Düşünülmesi gereken ikinci husus ise "asr" ın anlamı ve Allah'ın (c.c.) neden onun üzerine yemin ettiğidir?..

Bir görüşe göre "asr"zaman (ed-dehr) demektir. Zaman insanların hayatlarını fiillerini kuşatan bir olgudur. Yaptığımız iyi veya kötü bütün işler zaman içerisinde gerçekleşir. Rahatlık sıkıntı hastalık sıhhat zenginlik fakirlik hep zamanın içinde meydana gelir.

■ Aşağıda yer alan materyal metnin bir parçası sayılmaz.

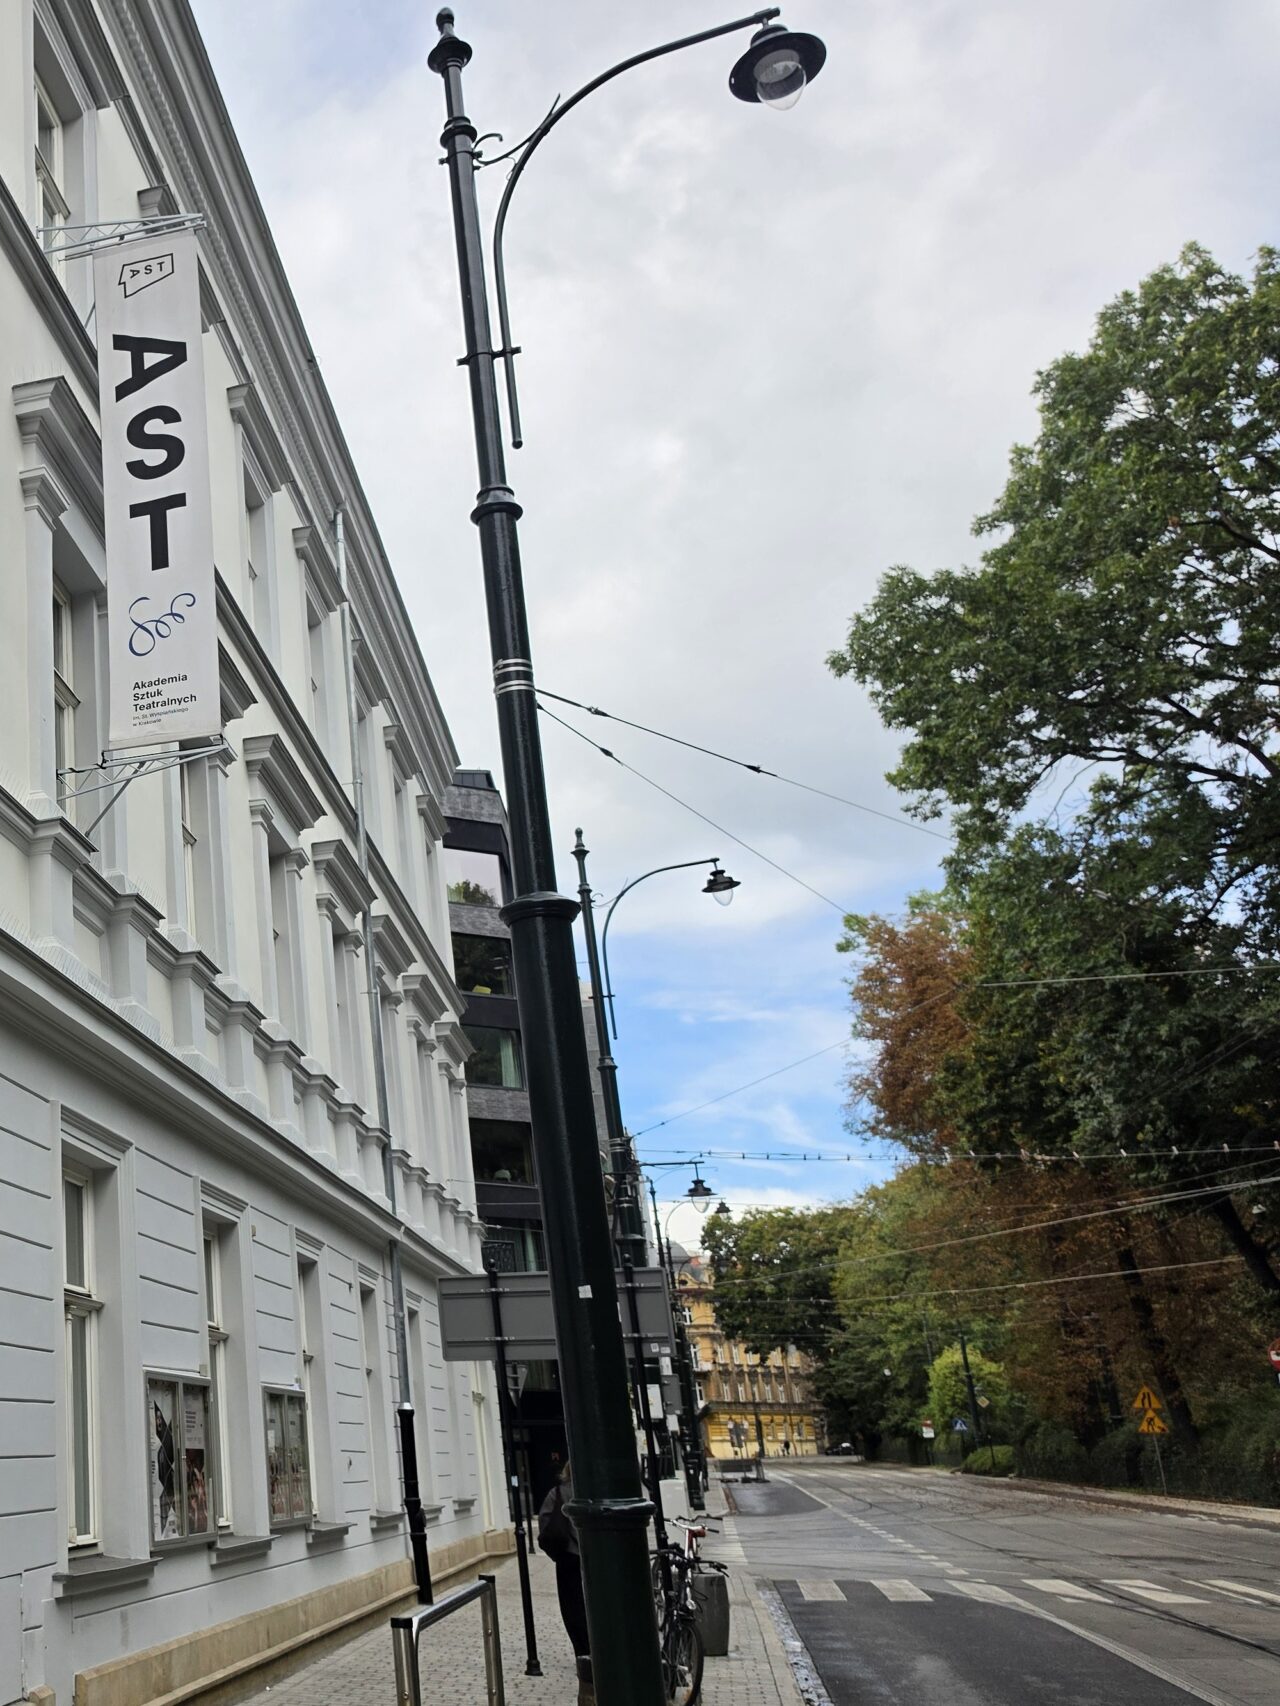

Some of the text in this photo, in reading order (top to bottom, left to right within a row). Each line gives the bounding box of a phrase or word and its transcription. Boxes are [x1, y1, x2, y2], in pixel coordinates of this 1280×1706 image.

Bu yüzden zaman insanların dikkatini çeken bir olgudur. Zamana yemin etmekle insanların dikkatleri daha sonra söylenecek sözlere çekilmiştir.

Ayrıca Cahiliye Arapları zarar ve ziyanı zamanın kötülüklerine bağlardı. Bu gün bile insanlar başlarına bir iş geldiğinde günlerin ve rakamların uğursuzluğundan bahsetmekteler. Böylece Cenab-ı Hak asra yani zamana yemin ederek insanlara kötülüğün zamanda değil kendilerinde olduğunu belirtmiştir.

Diğer bir görüşe göre (Ebu Müslim) "asr" ikindi vakti demektir. Allah (c.c.) kuşluk vaktine (duha) yemin ettiği gibi günün diğer ucu olan ikindi vaktine de yemin etmiştir. Ayrıca ikindi vaktinin önemini anlatan bir çok hadisi şerif vardır. İkindi artık günün sonunun yaklaştığı insanların işlerini bitirmek için uğraştığı kazanç veya kayıp hesaplarının yapıldığı bir vakittir. Ve bu özelliği ile kıyametten önceki veya ölümden önceki son vakitlere benzemektedir. Artık hüsranda olan veya saadet içerisinde olan insan hesap vermeye hazırlanmaktadır.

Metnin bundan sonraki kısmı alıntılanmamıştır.